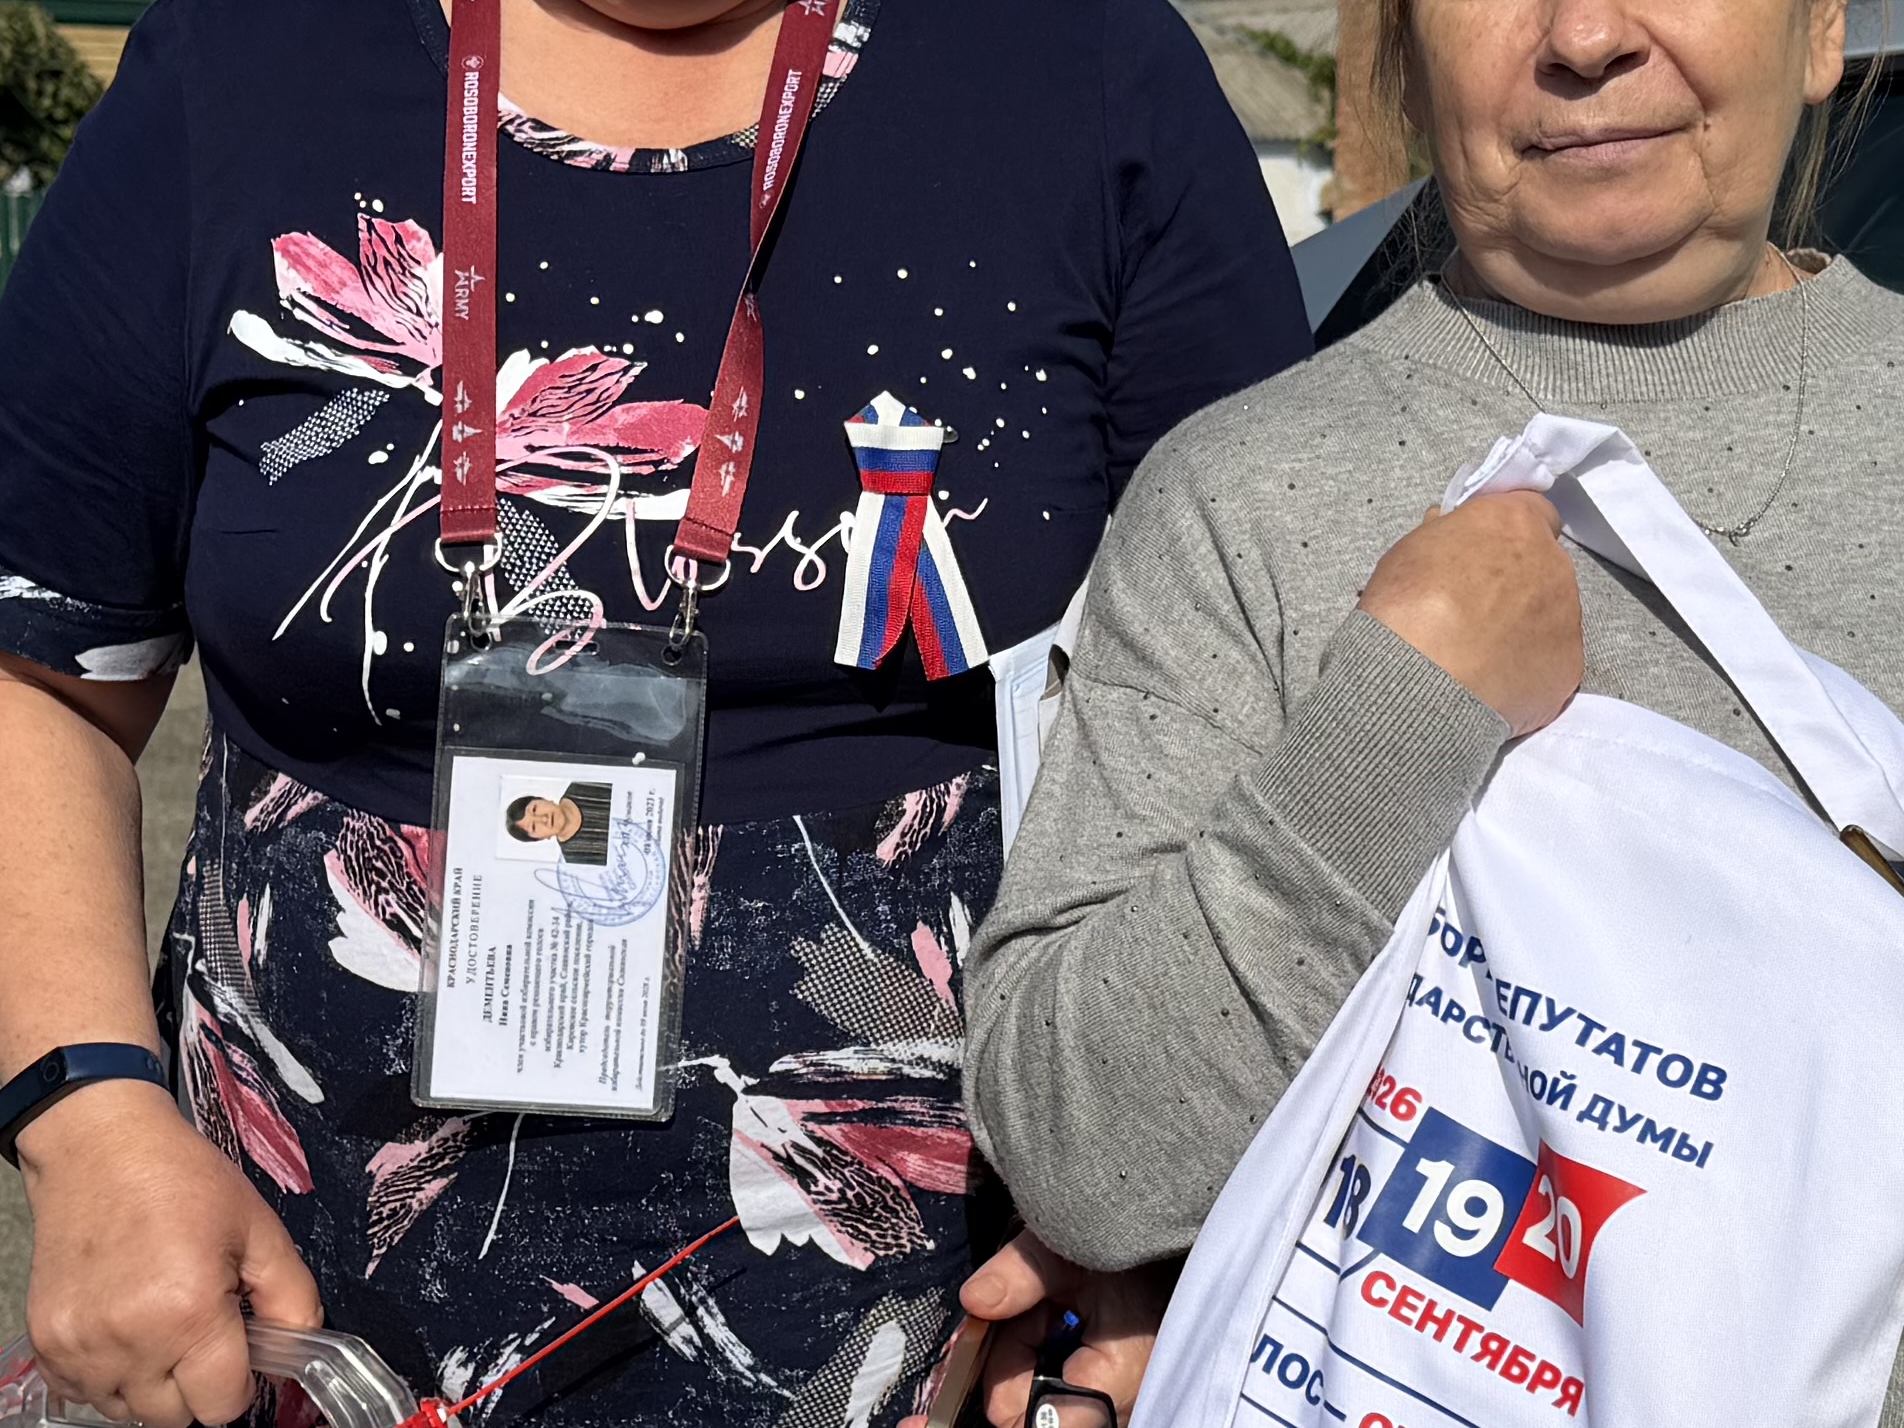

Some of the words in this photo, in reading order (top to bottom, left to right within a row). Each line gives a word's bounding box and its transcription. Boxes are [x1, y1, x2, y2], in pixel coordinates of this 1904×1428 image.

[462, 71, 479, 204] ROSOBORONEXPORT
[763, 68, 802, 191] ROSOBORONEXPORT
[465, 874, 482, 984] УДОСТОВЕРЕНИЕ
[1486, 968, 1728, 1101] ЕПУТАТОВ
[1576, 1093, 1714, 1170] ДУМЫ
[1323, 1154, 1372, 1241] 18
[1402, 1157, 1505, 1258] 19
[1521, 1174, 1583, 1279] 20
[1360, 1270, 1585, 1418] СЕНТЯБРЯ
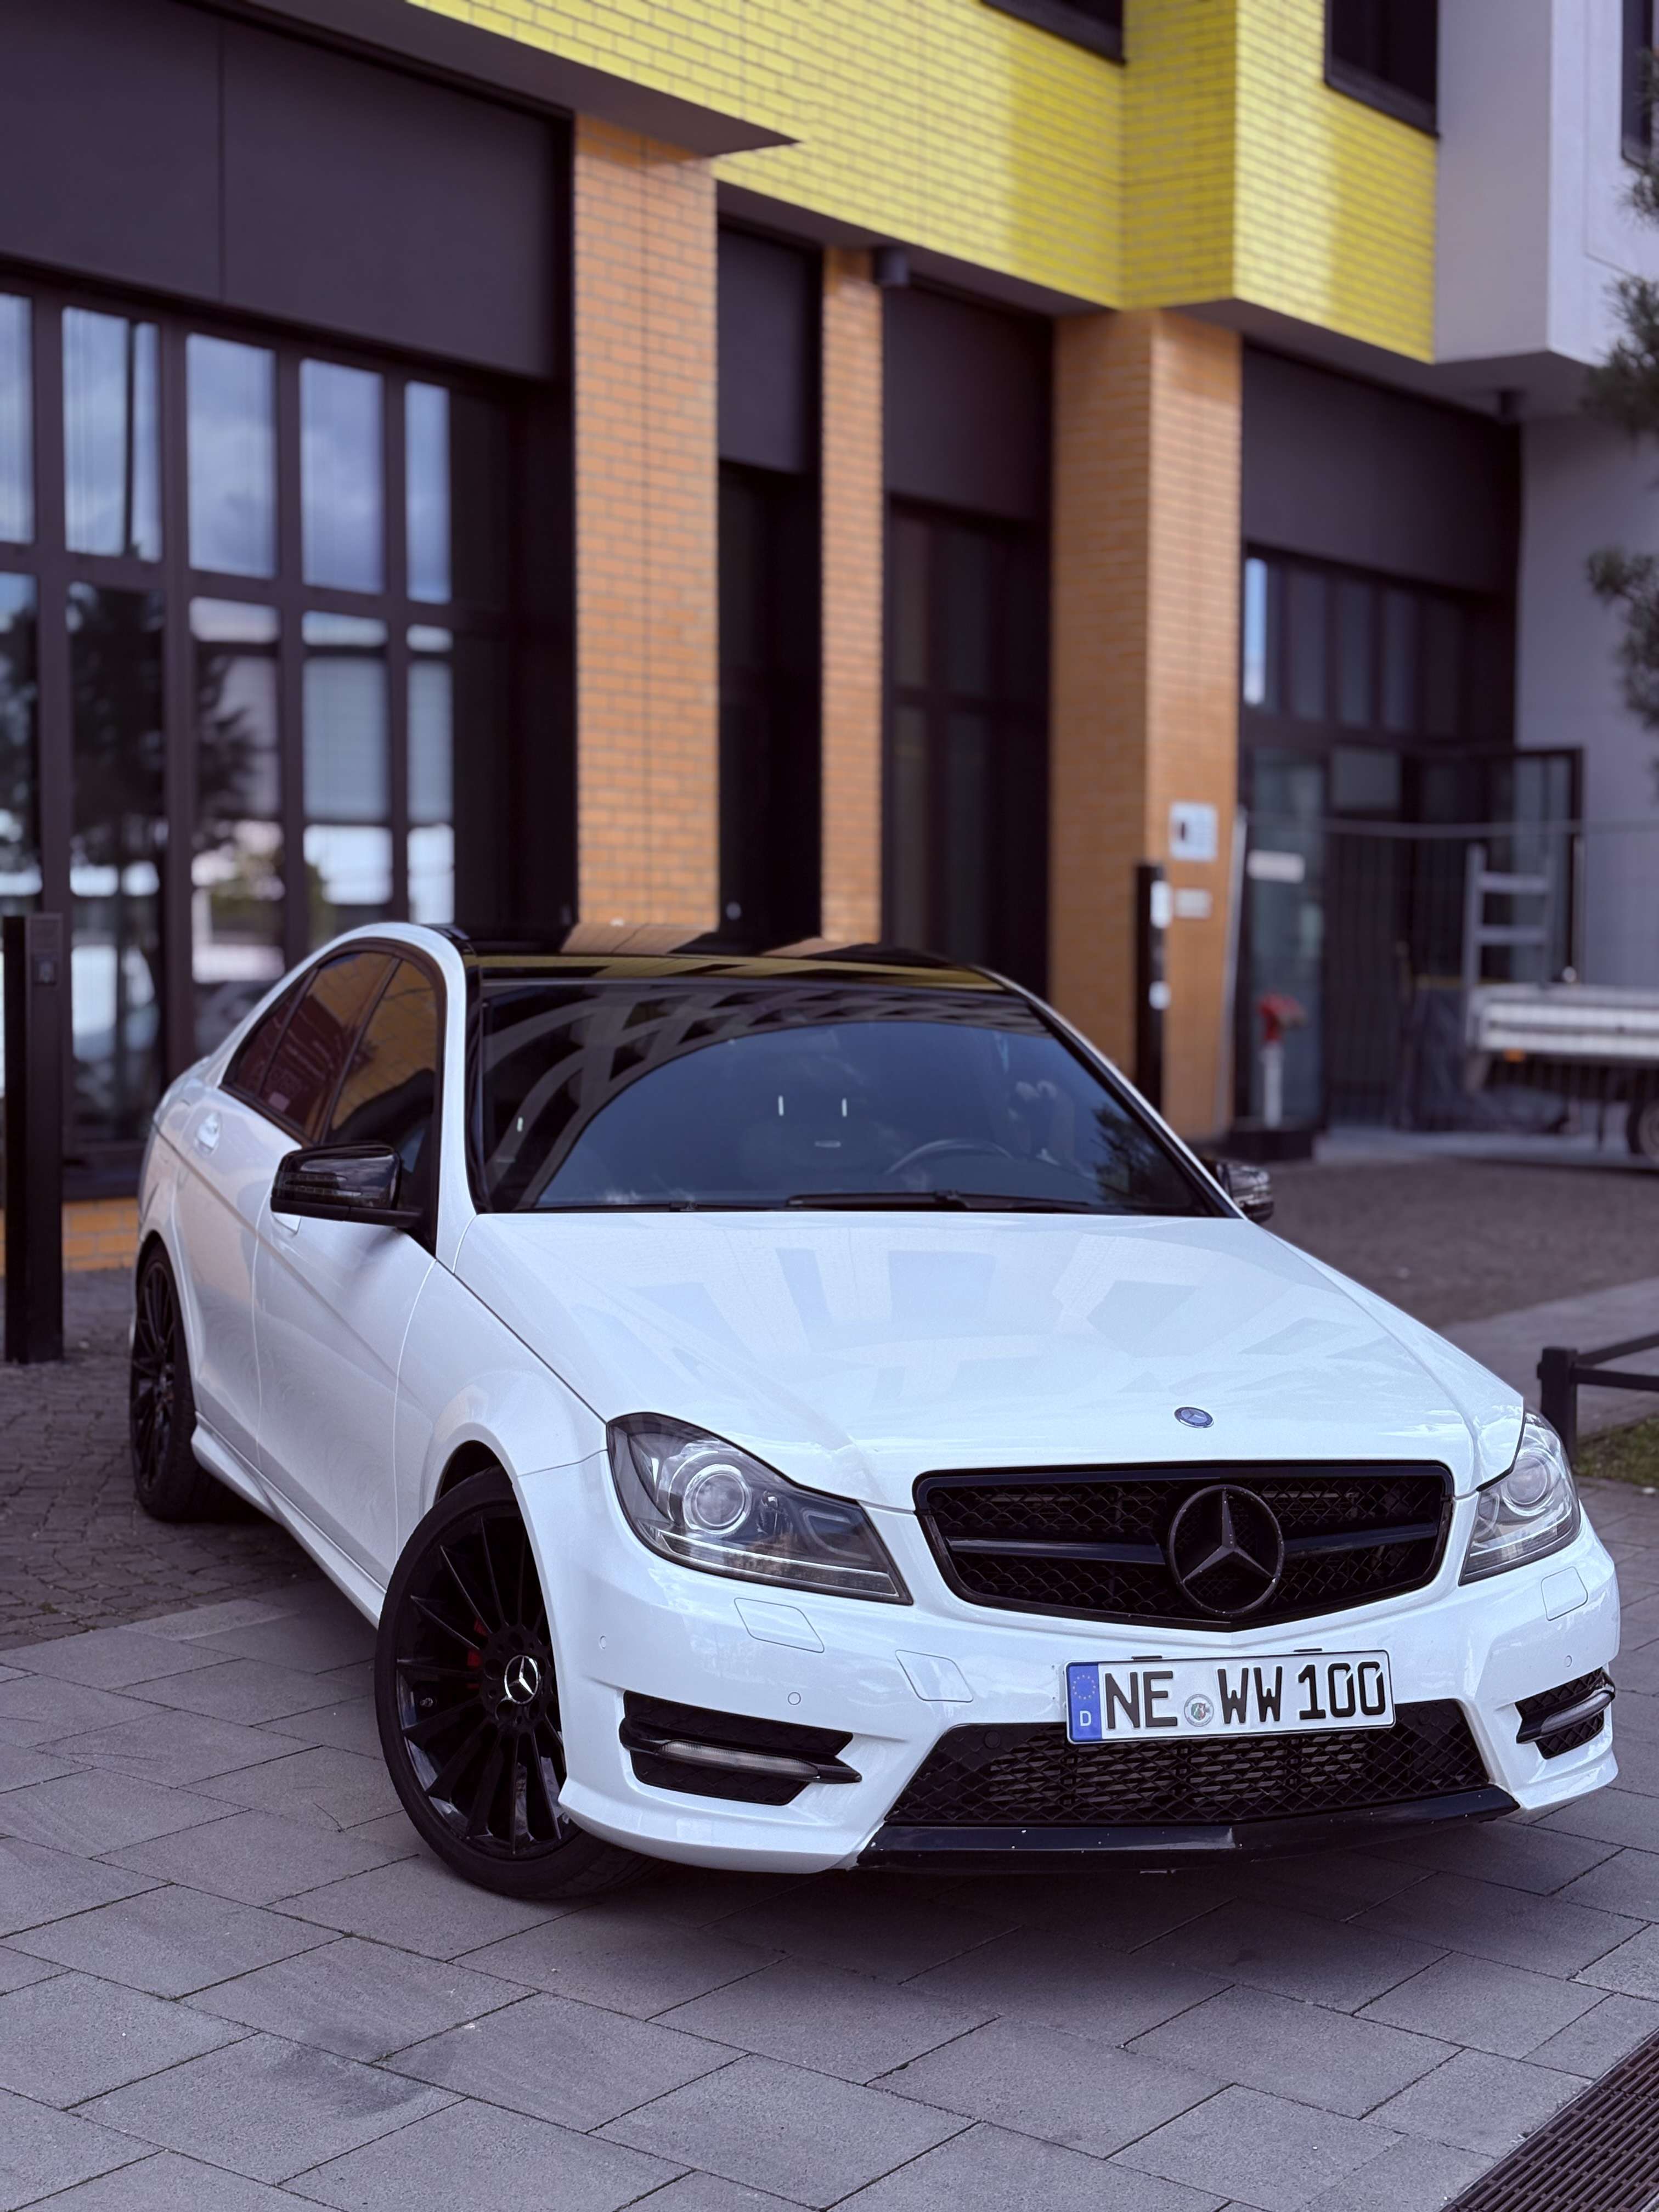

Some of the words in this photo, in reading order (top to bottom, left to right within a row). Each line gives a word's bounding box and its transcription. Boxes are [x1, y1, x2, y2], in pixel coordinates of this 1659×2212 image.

* [TASK TO COMPLETE]
Transcribe each record exactly as it appears, but omit every picture.

* [TASK OUTPUT]
Some of the words in this photo, in reading order (top to bottom, left to right within a row). Each line gives a word's bounding box and its transcription. Boxes are [x1, y1, x2, y2], in pixel coordinates of this 1904×1428 image.

[462, 71, 479, 204] ROSOBORONEXPORT
[763, 68, 802, 191] ROSOBORONEXPORT
[465, 874, 482, 984] УДОСТОВЕРЕНИЕ
[1486, 968, 1728, 1101] ЕПУТАТОВ
[1576, 1093, 1714, 1170] ДУМЫ
[1323, 1154, 1372, 1241] 18
[1402, 1157, 1505, 1258] 19
[1521, 1174, 1583, 1279] 20
[1360, 1270, 1585, 1418] СЕНТЯБРЯ

Some of the words in this photo, in reading order (top to bottom, left to right within a row). Each line gives a word's bounding box and its transcription. Boxes are [x1, y1, x2, y2], in pixel coordinates of this 1659×2212 image.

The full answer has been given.